Exercise objective:
Restate the data below word for word, omitting pictures.

Data in this exercise:
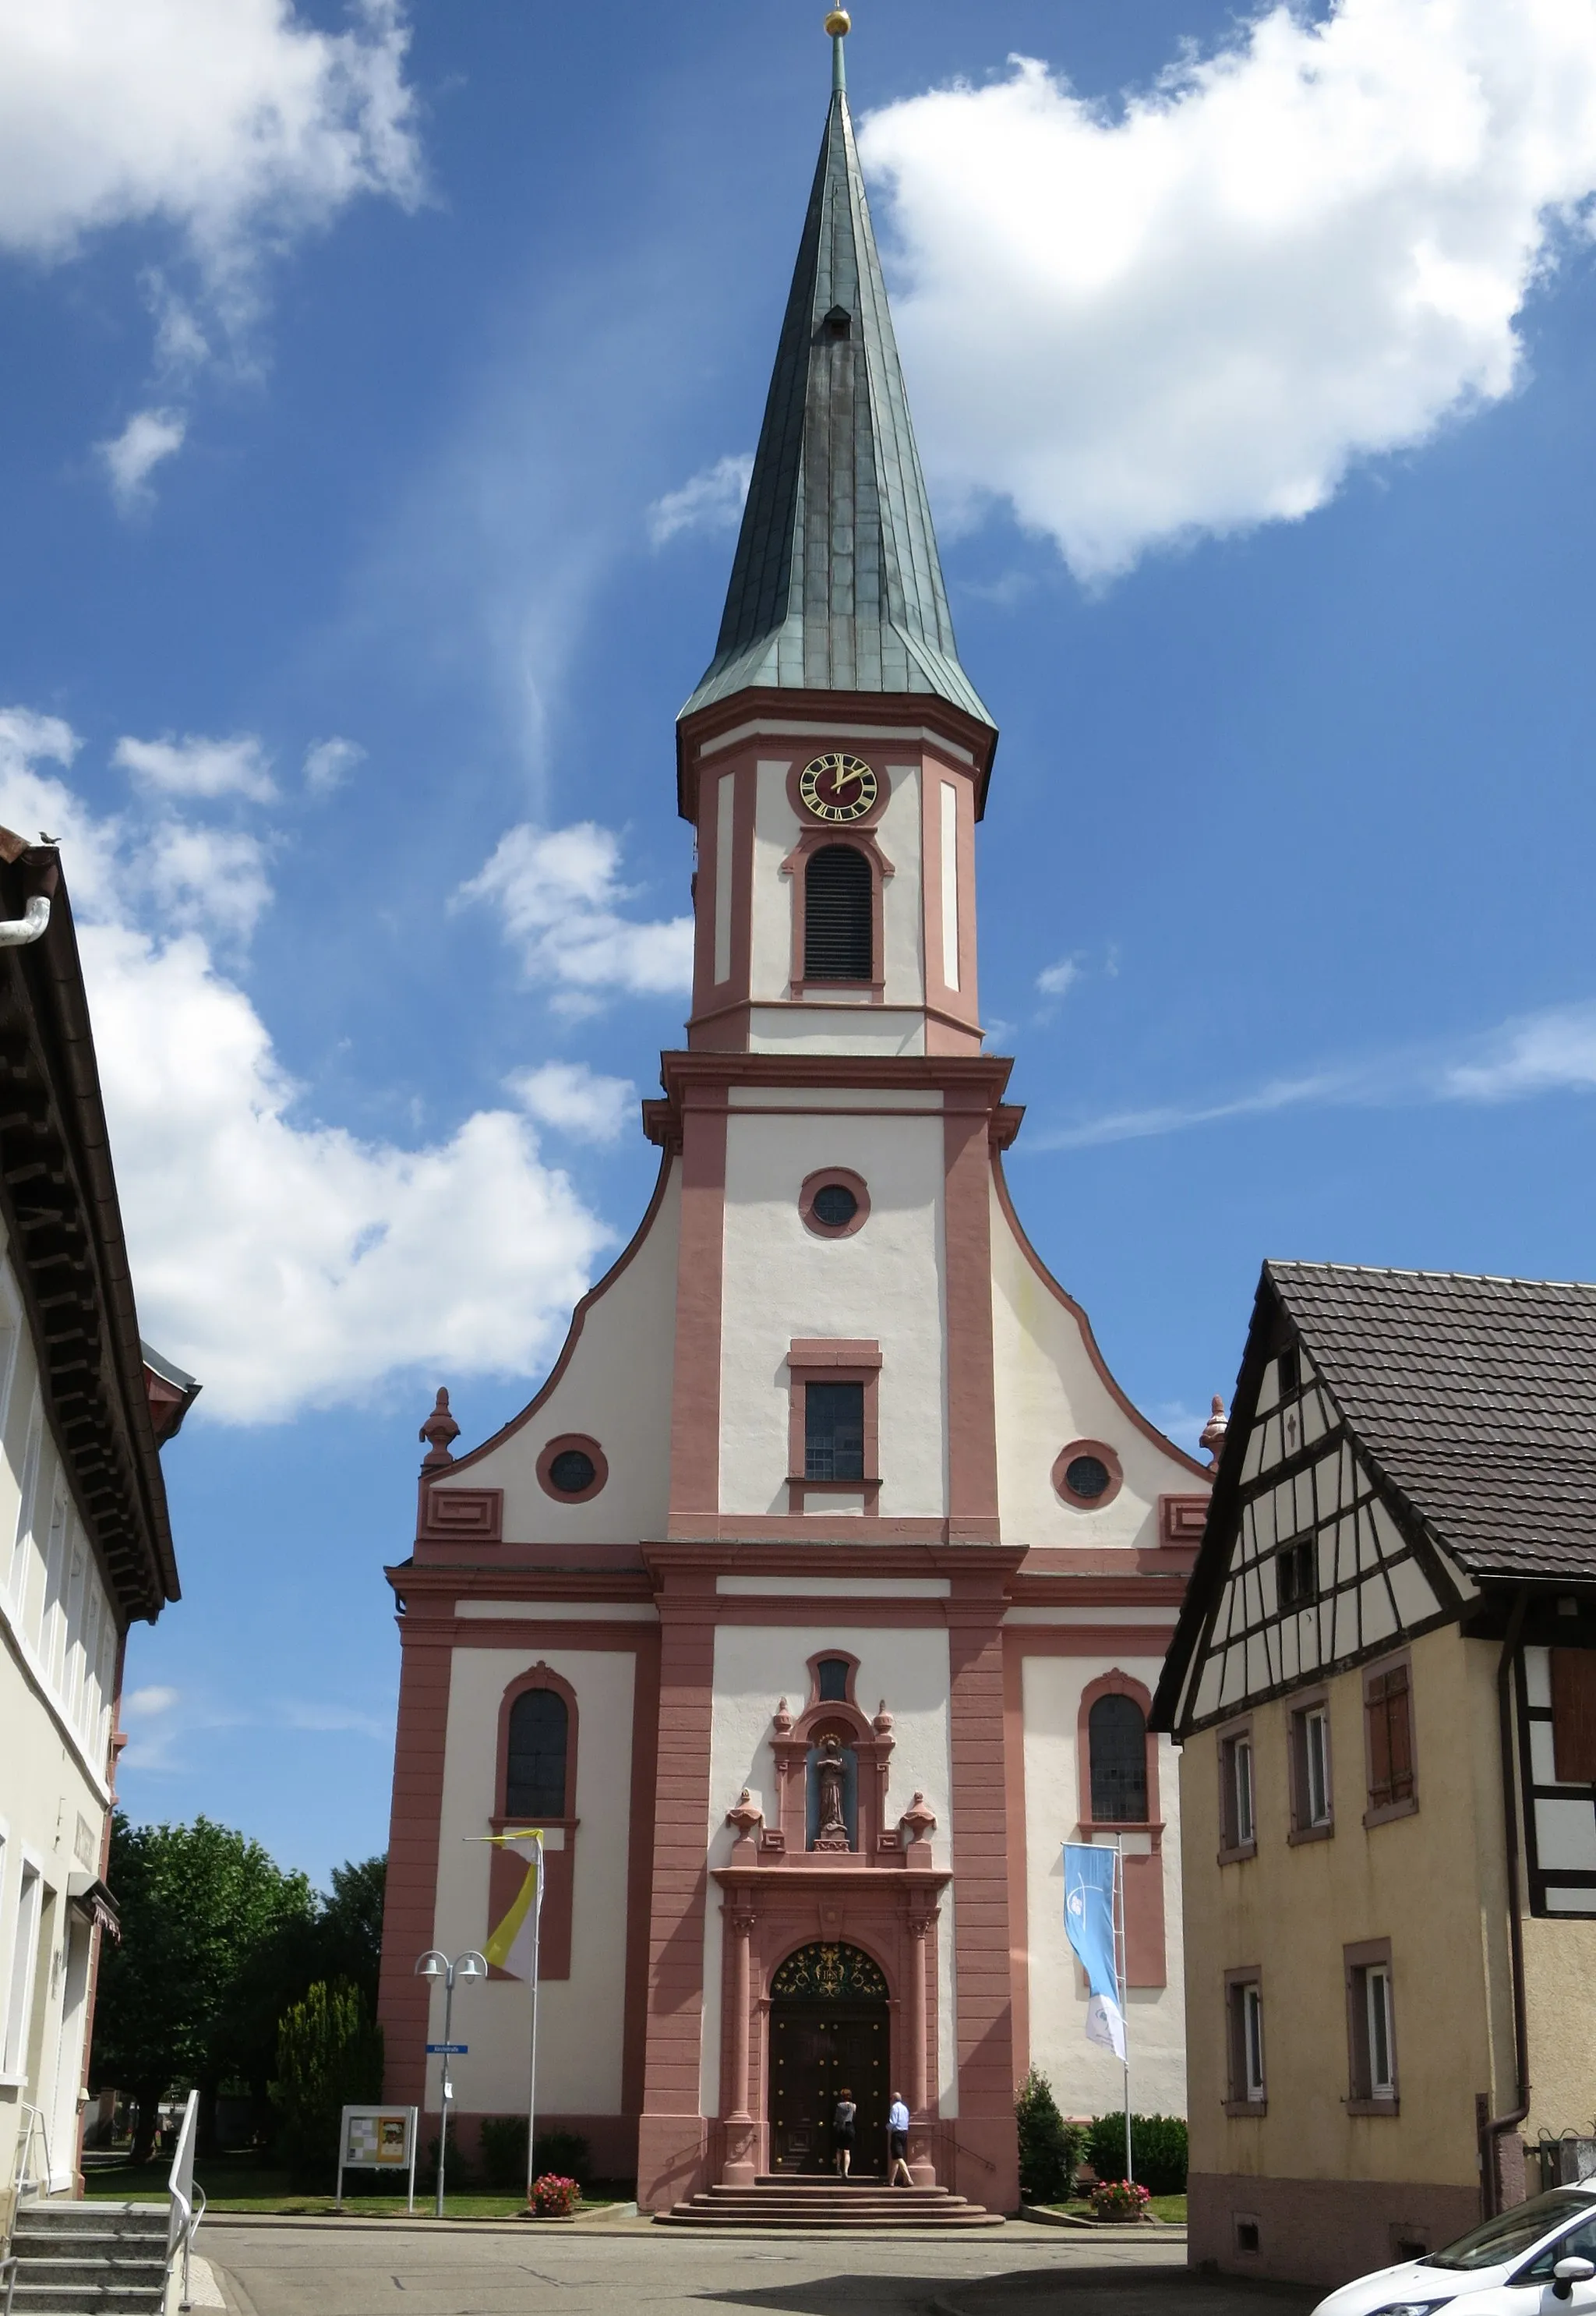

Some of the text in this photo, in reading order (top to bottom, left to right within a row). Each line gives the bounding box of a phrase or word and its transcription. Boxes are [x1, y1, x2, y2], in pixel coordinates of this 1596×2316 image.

[817, 756, 829, 769] XI
[850, 759, 858, 769] I
[805, 767, 819, 777] X
[803, 793, 818, 806] VIII
[816, 803, 828, 818] VII
[835, 808, 843, 820] VI
[851, 806, 860, 817] V
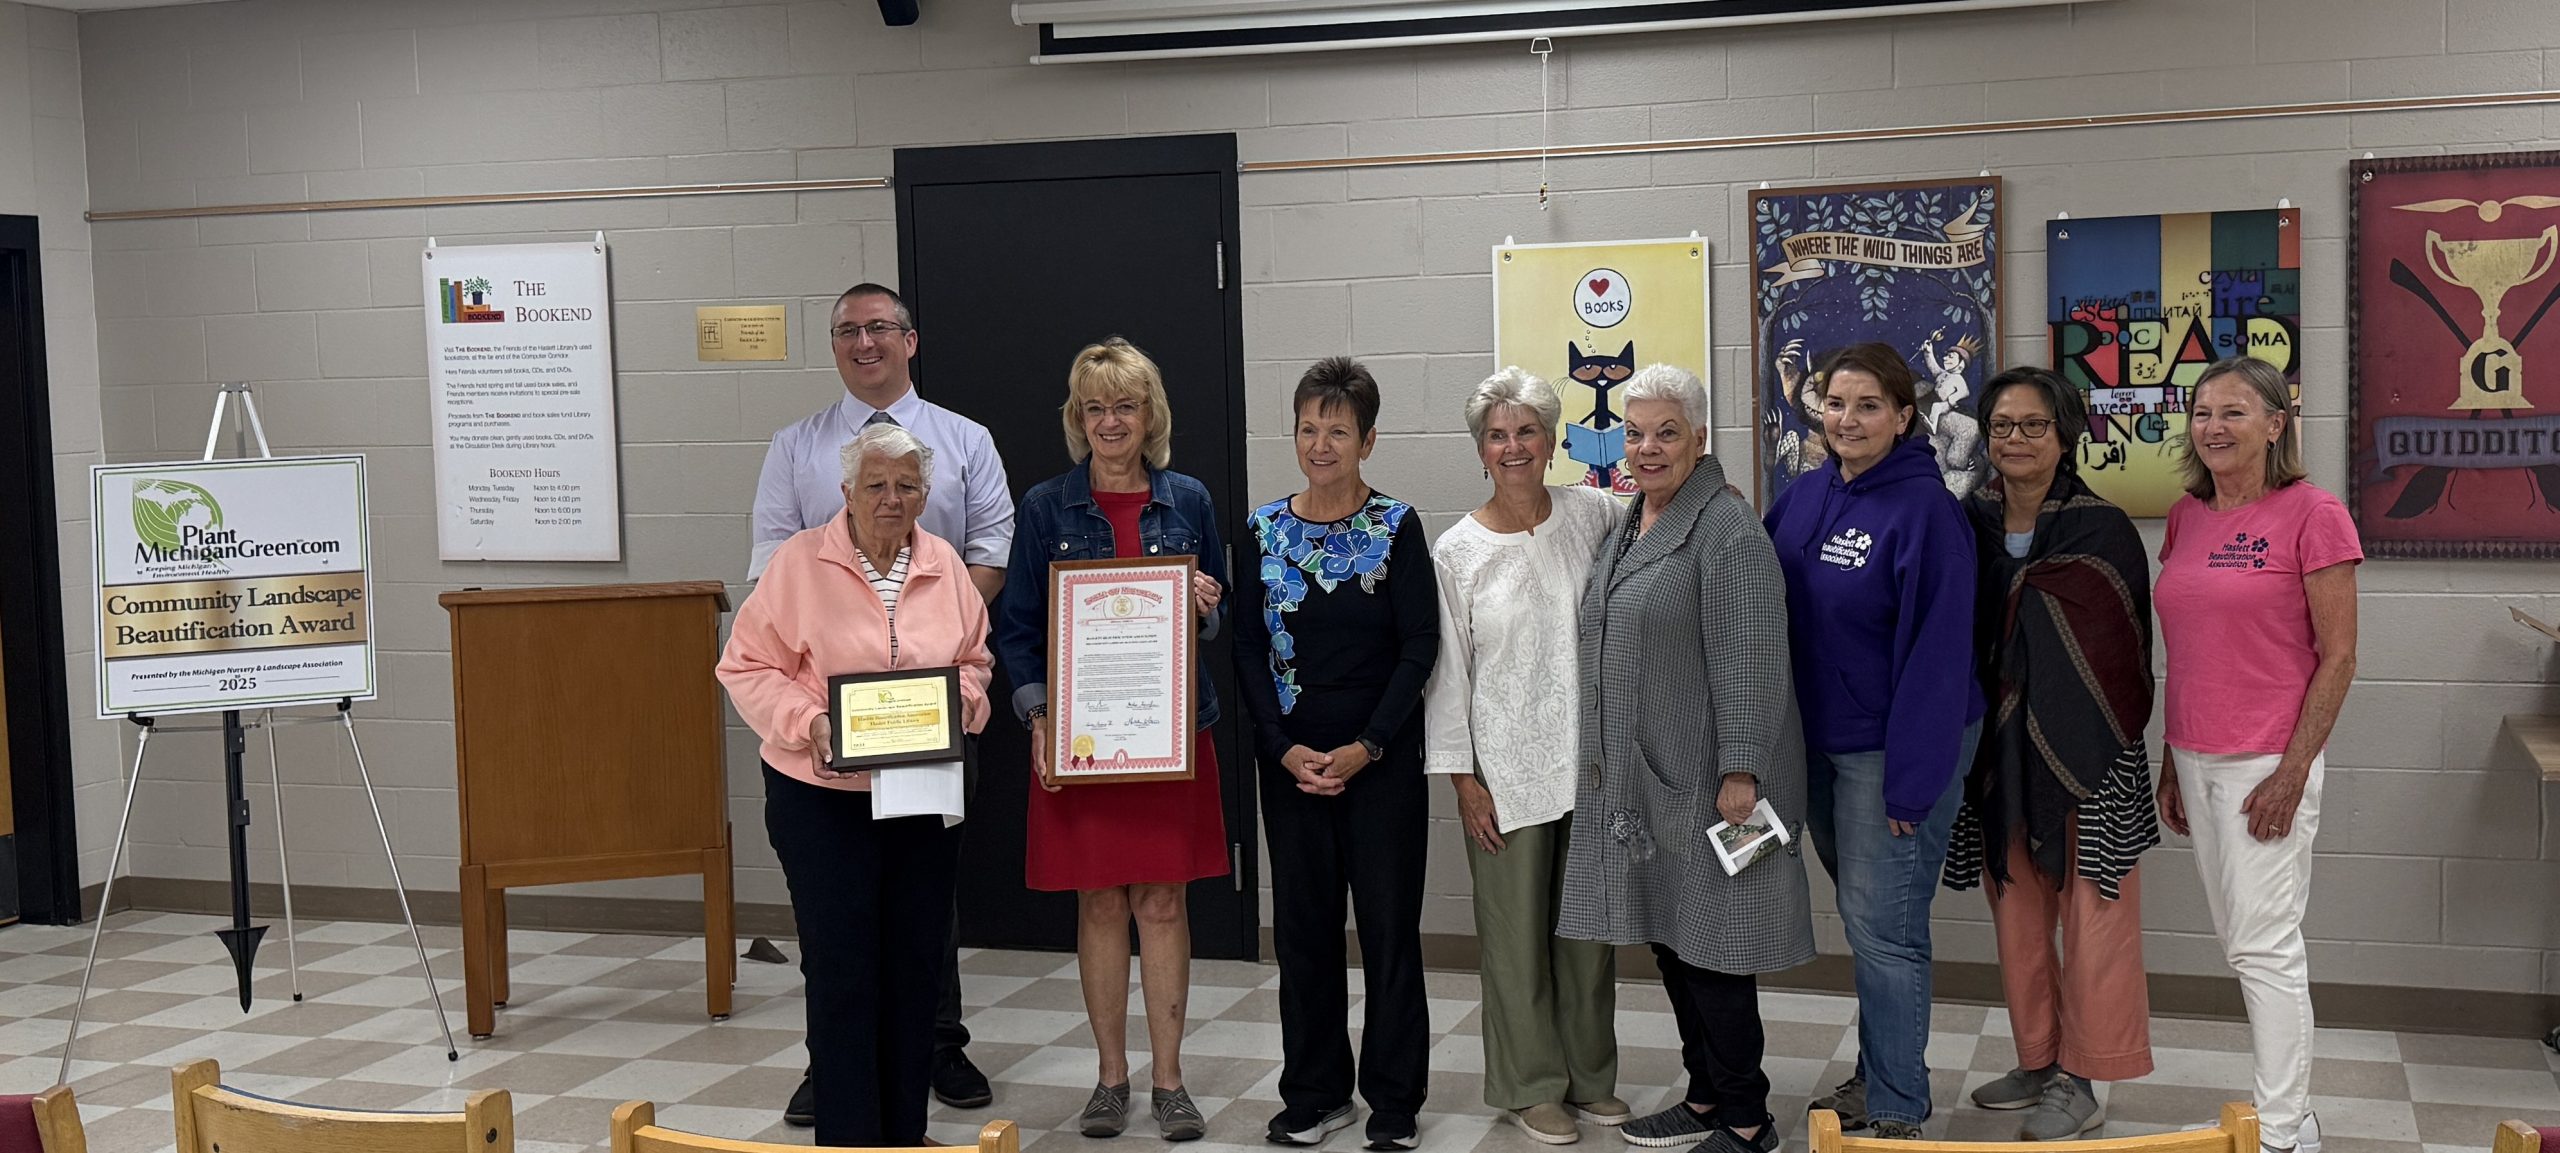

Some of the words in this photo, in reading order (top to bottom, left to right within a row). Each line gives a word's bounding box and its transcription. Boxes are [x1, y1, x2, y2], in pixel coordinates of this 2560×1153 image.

[1787, 236, 1831, 258] WHERE
[1834, 236, 1859, 256] THE
[1863, 238, 1896, 261] WILD
[1901, 243, 1952, 265] THINGS
[1957, 240, 1982, 263] ARE
[514, 280, 545, 296] THE
[516, 307, 592, 322] BOOKEND
[1585, 300, 1624, 314] BOOKS
[2218, 332, 2288, 348] SOMA
[2048, 315, 2298, 388] READ
[2471, 348, 2510, 393] G
[490, 468, 532, 478] BOOKEND
[535, 468, 560, 478] Hours
[470, 518, 494, 526] Saturday
[183, 525, 237, 546] Plant
[1831, 534, 1856, 548] Haslett
[2223, 544, 2250, 552] Haslett
[2208, 552, 2256, 561] Beautification
[2206, 560, 2248, 569] Association
[202, 569, 230, 577] Healthy
[107, 590, 242, 615] Community
[247, 585, 362, 607] Landscape
[116, 619, 273, 645] Beautification
[280, 612, 355, 635] Award
[131, 671, 167, 681] Presented
[169, 671, 178, 679] by
[192, 668, 225, 676] Michigan
[227, 666, 255, 675] Nursery
[263, 663, 301, 672] Landscape
[302, 660, 343, 669] Association
[219, 677, 256, 691] 2025

Finished exercise:
Some of the text in this photo, in reading order (top to bottom, left to right within a row). Each line gives the bounding box of a phrase or word and its transcription. Boxes are [x1, y1, x2, y2], in pixel coordinates of this 1596×2316 image.

[817, 756, 829, 769] XI
[850, 759, 858, 769] I
[805, 767, 819, 777] X
[803, 793, 818, 806] VIII
[816, 803, 828, 818] VII
[835, 808, 843, 820] VI
[851, 806, 860, 817] V

Some of the words in this photo, in reading order (top to bottom, left to right within a row). Each line gives a word's bounding box and its transcription. Boxes are [x1, y1, x2, y2], in pixel coordinates of this 2560×1153 image.

[1787, 236, 1831, 258] WHERE
[1834, 236, 1859, 256] THE
[1863, 238, 1896, 261] WILD
[1901, 243, 1952, 265] THINGS
[1957, 240, 1982, 263] ARE
[514, 280, 545, 296] THE
[516, 307, 592, 322] BOOKEND
[1585, 300, 1624, 314] BOOKS
[2218, 332, 2288, 348] SOMA
[2048, 315, 2298, 388] READ
[2471, 348, 2510, 393] G
[490, 468, 532, 478] BOOKEND
[535, 468, 560, 478] Hours
[470, 518, 494, 526] Saturday
[183, 525, 237, 546] Plant
[1831, 534, 1856, 548] Haslett
[2223, 544, 2250, 552] Haslett
[2208, 552, 2256, 561] Beautification
[2206, 560, 2248, 569] Association
[202, 569, 230, 577] Healthy
[107, 590, 242, 615] Community
[247, 585, 362, 607] Landscape
[116, 619, 273, 645] Beautification
[280, 612, 355, 635] Award
[131, 671, 167, 681] Presented
[169, 671, 178, 679] by
[192, 668, 225, 676] Michigan
[227, 666, 255, 675] Nursery
[263, 663, 301, 672] Landscape
[302, 660, 343, 669] Association
[219, 677, 256, 691] 2025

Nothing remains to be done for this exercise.